__WHAT TO DO__: Return each line of the data below exactly, omitting any pictures.

__PROVIDED DATA__:
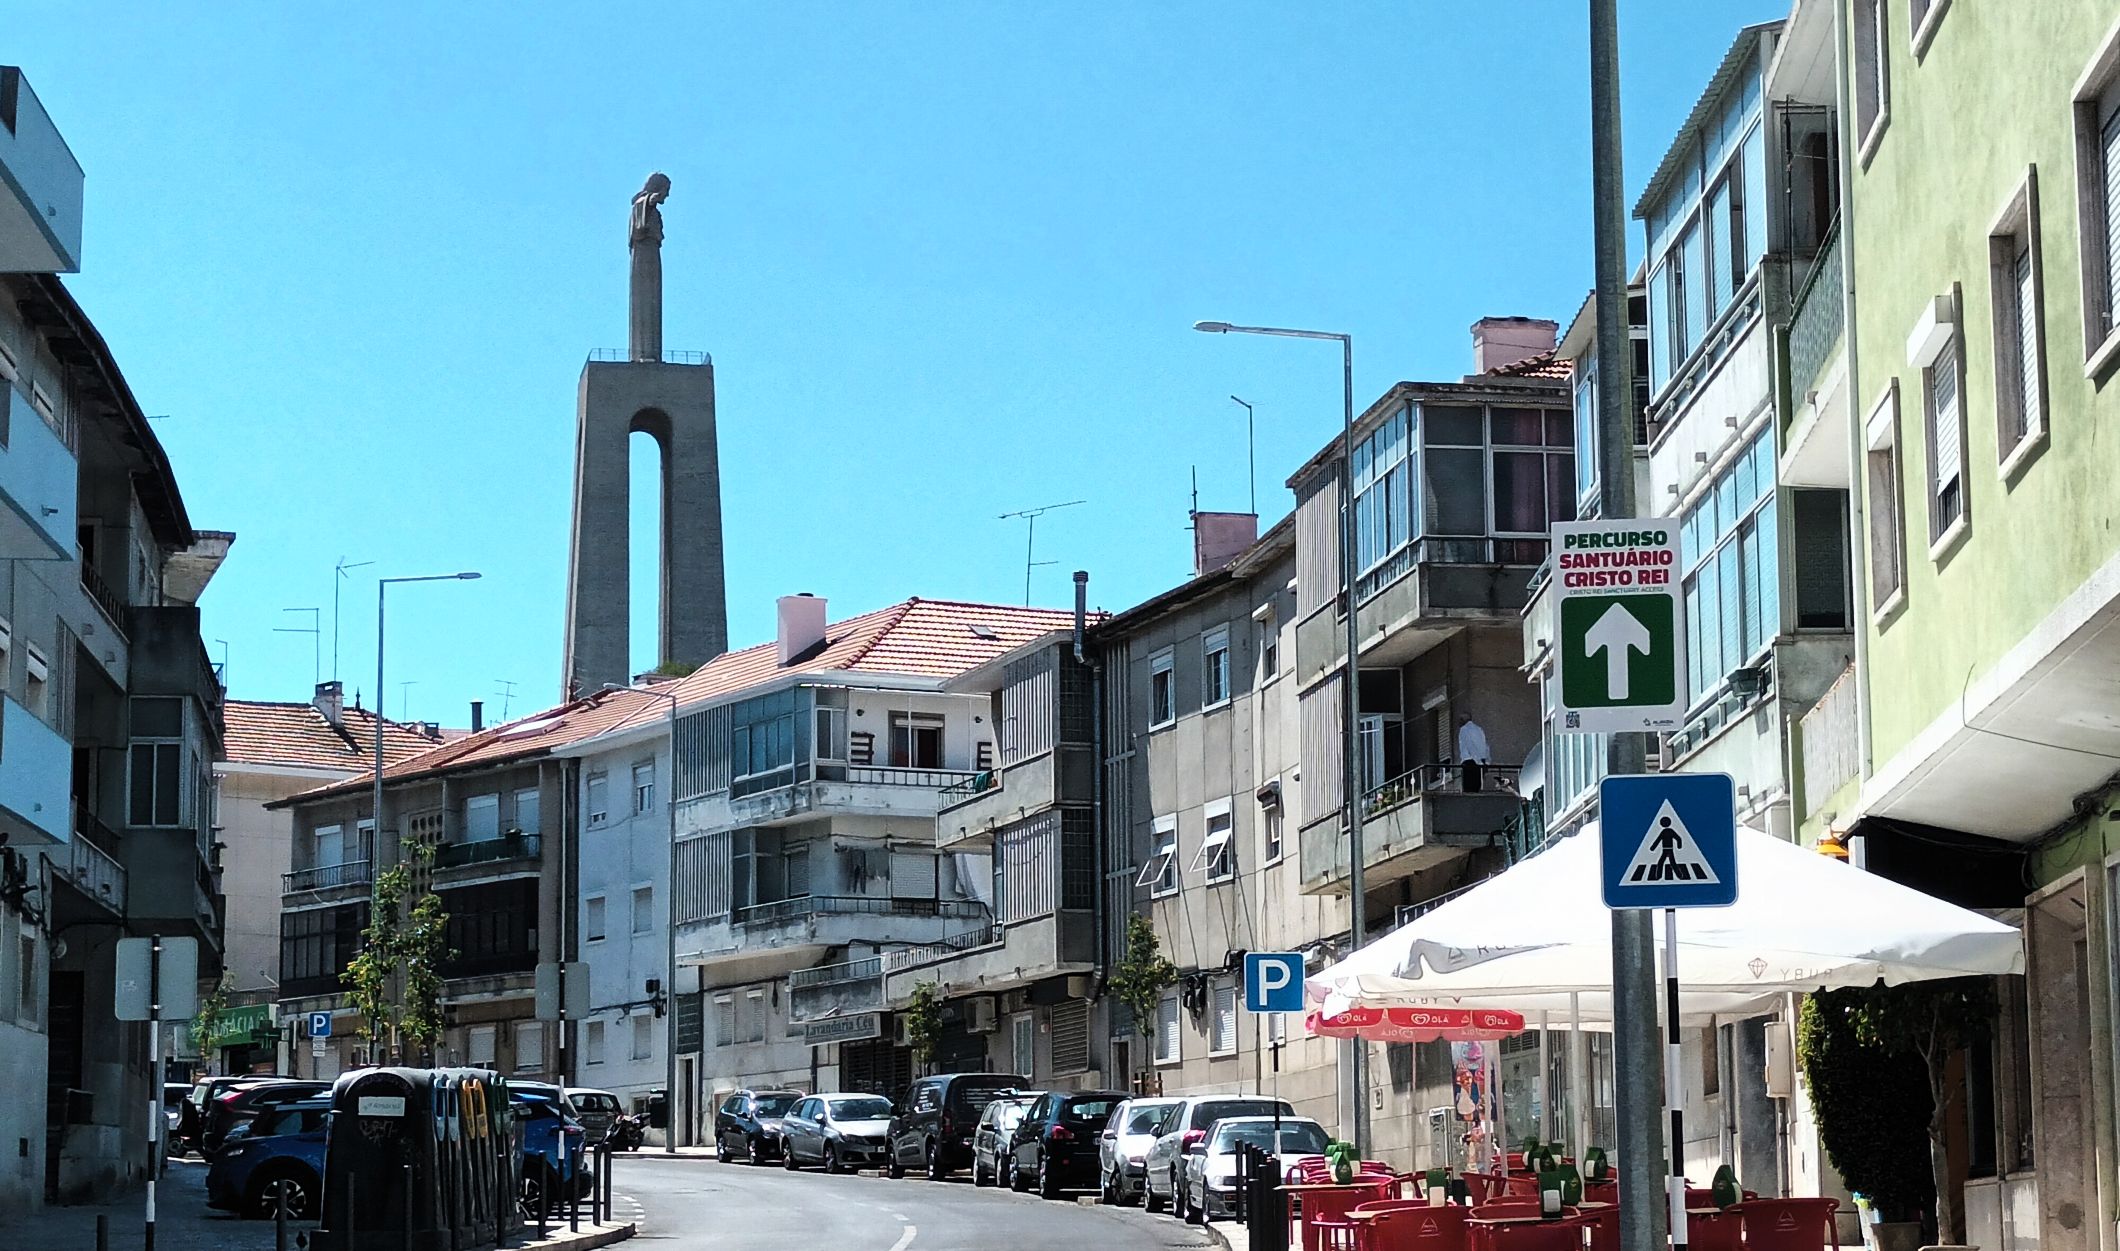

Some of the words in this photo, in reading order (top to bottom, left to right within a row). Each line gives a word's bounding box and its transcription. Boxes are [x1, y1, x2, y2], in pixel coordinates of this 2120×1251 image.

[1564, 530, 1668, 549] PERCURSO
[1559, 547, 1673, 569] SANTUÁRIO
[1564, 570, 1633, 588] CRISTO
[1638, 569, 1669, 585] REI
[1258, 959, 1291, 1006] P
[313, 1014, 326, 1034] P
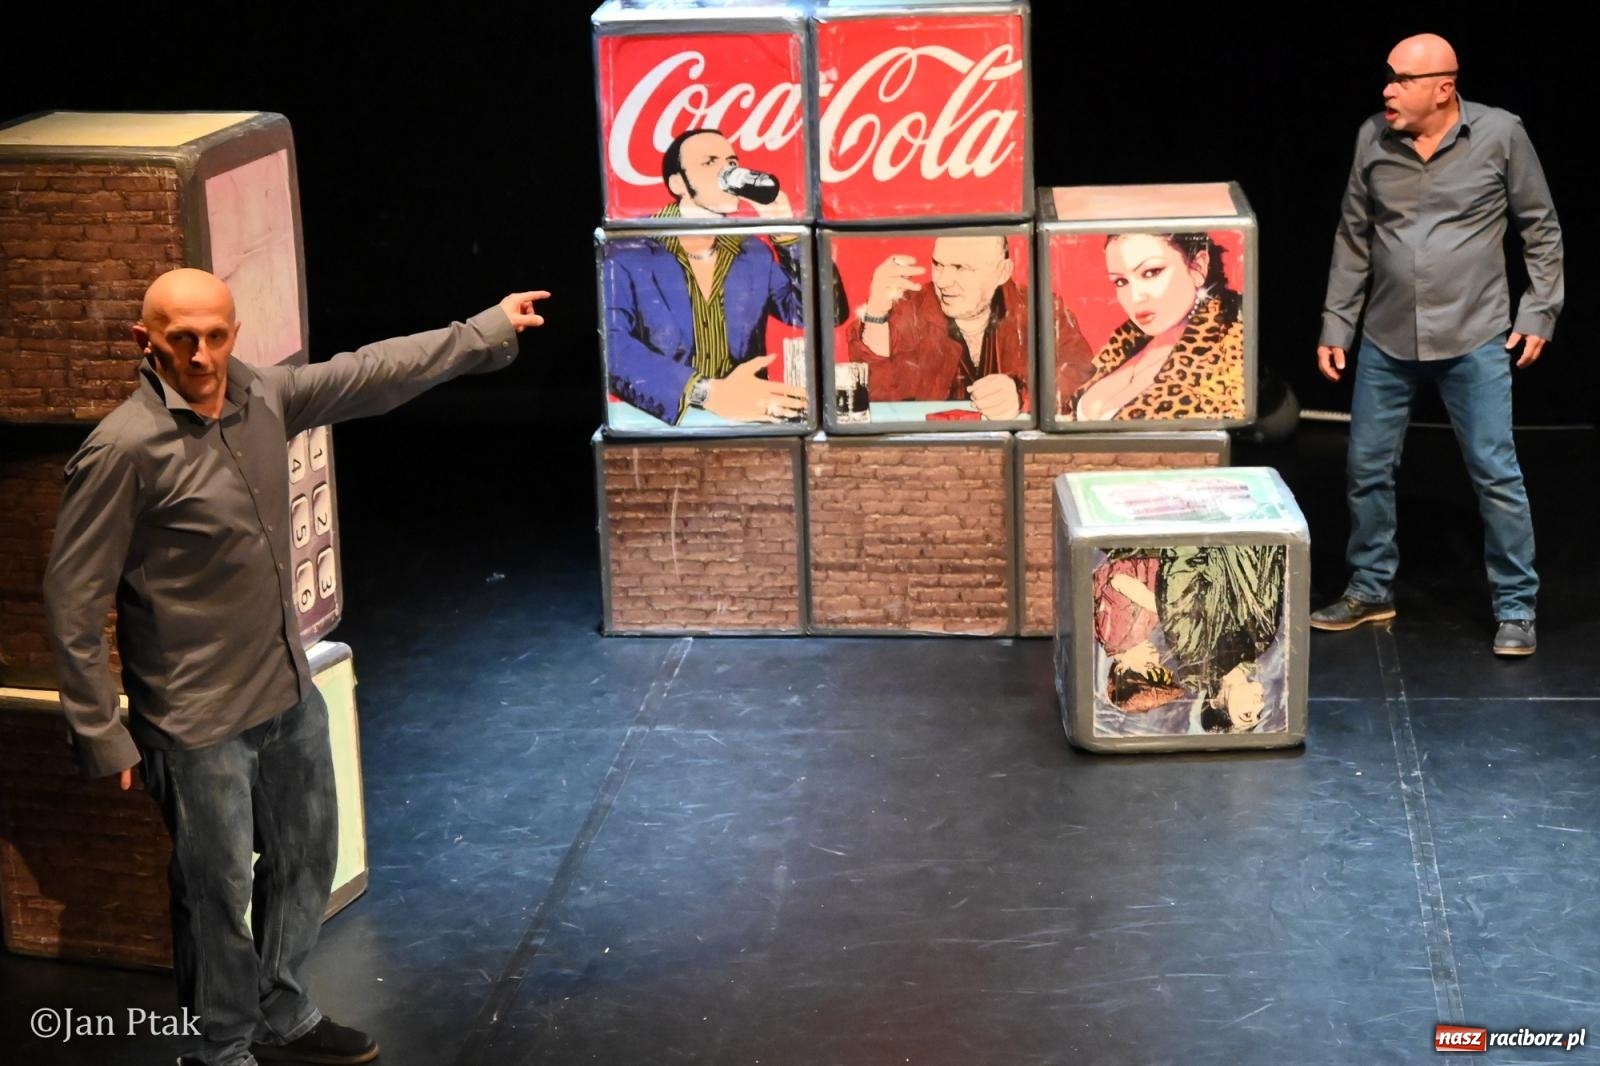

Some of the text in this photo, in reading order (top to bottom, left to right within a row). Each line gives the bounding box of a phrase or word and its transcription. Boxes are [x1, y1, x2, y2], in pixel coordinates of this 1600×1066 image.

[608, 44, 1023, 186] Coca Cola
[292, 458, 311, 606] 4 5 6
[317, 514, 327, 527] 2
[321, 576, 332, 593] 3
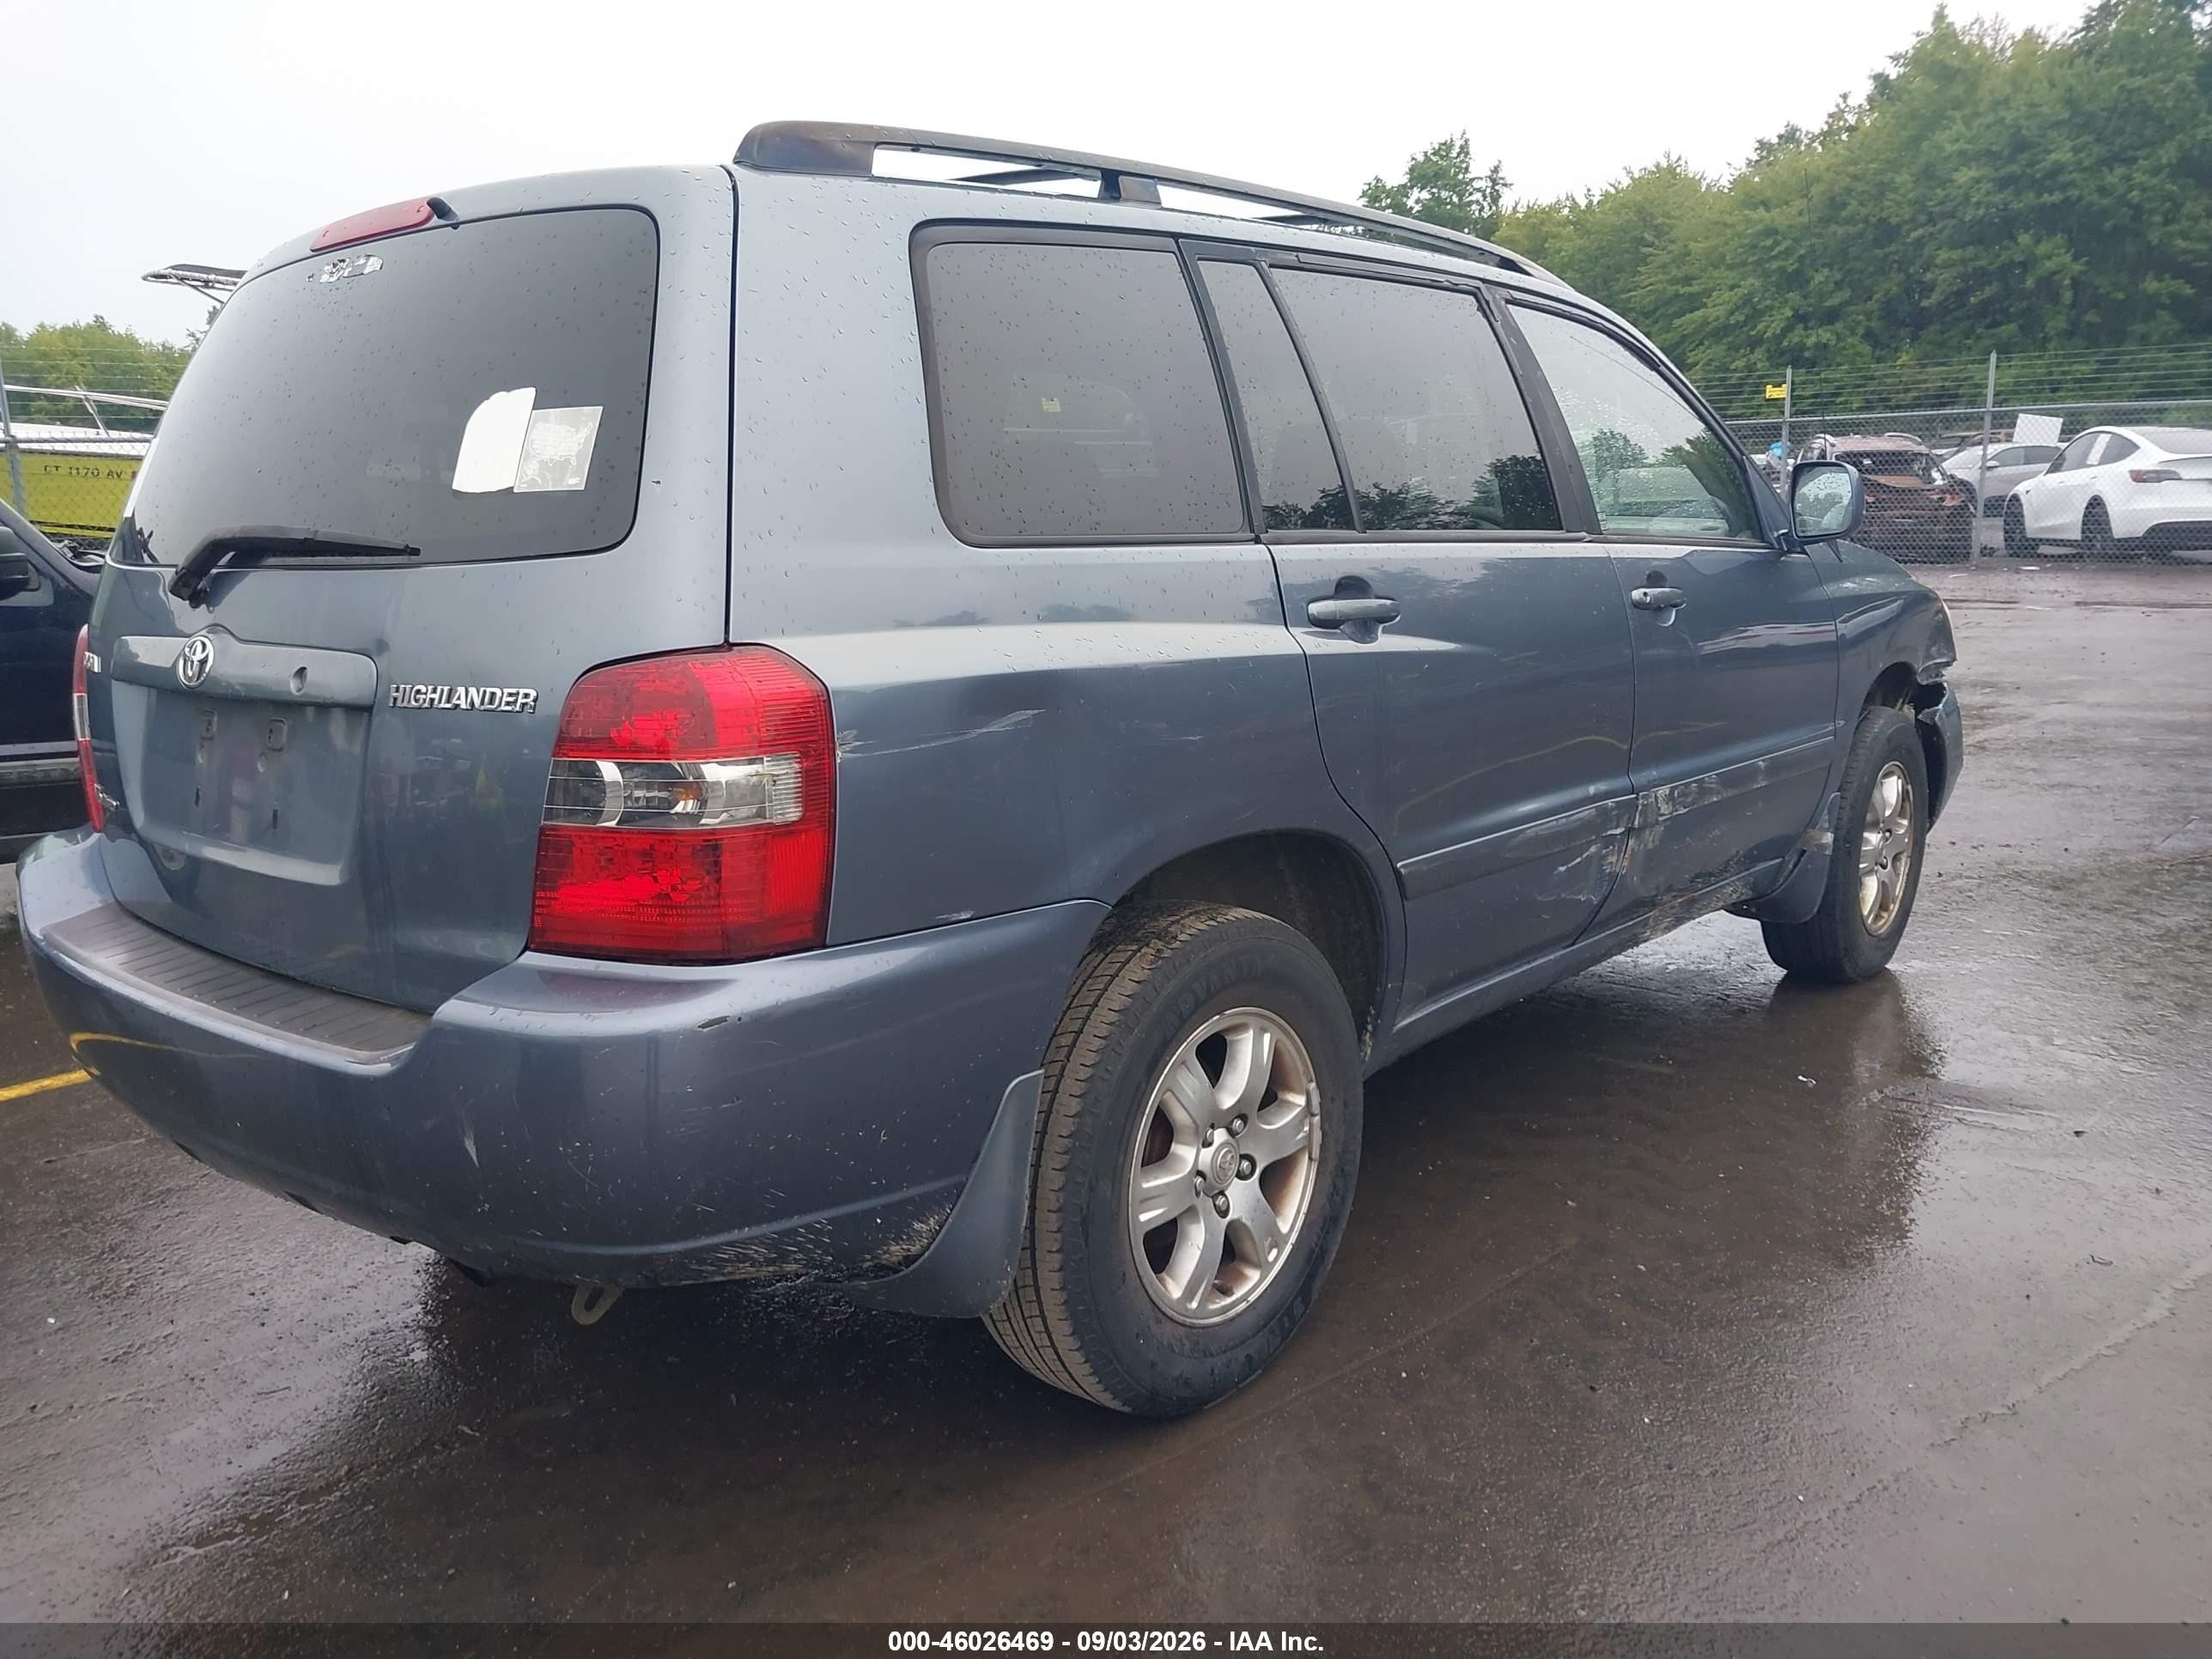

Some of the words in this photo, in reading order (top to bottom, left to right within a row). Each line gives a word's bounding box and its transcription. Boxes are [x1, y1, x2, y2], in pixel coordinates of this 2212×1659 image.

[68, 466, 99, 477] 1170
[106, 470, 124, 479] AV
[388, 684, 538, 713] HIGHLANDER

__EXERCISE RESULT__:
Some of the words in this photo, in reading order (top to bottom, left to right within a row). Each line gives a word's bounding box and its transcription. Boxes are [x1, y1, x2, y2], in pixel coordinates of this 2120×1251 image.

[1564, 530, 1668, 549] PERCURSO
[1559, 547, 1673, 569] SANTUÁRIO
[1564, 570, 1633, 588] CRISTO
[1638, 569, 1669, 585] REI
[1258, 959, 1291, 1006] P
[313, 1014, 326, 1034] P

Some of the text in this photo, in reading order (top to bottom, left to right within a row). Each line gives the bounding box of a phrase or word and its transcription. Boxes are [x1, y1, x2, y2], in pixel coordinates of this 1600×1066 image.

[608, 44, 1023, 186] Coca Cola
[292, 458, 311, 606] 4 5 6
[317, 514, 327, 527] 2
[321, 576, 332, 593] 3

Some of the words in this photo, in reading order (top to bottom, left to right within a row). Each line gives a word's bounding box and its transcription. Boxes are [x1, y1, x2, y2], in pixel coordinates of this 2212×1659 image.

[68, 466, 99, 477] 1170
[106, 470, 124, 479] AV
[388, 684, 538, 713] HIGHLANDER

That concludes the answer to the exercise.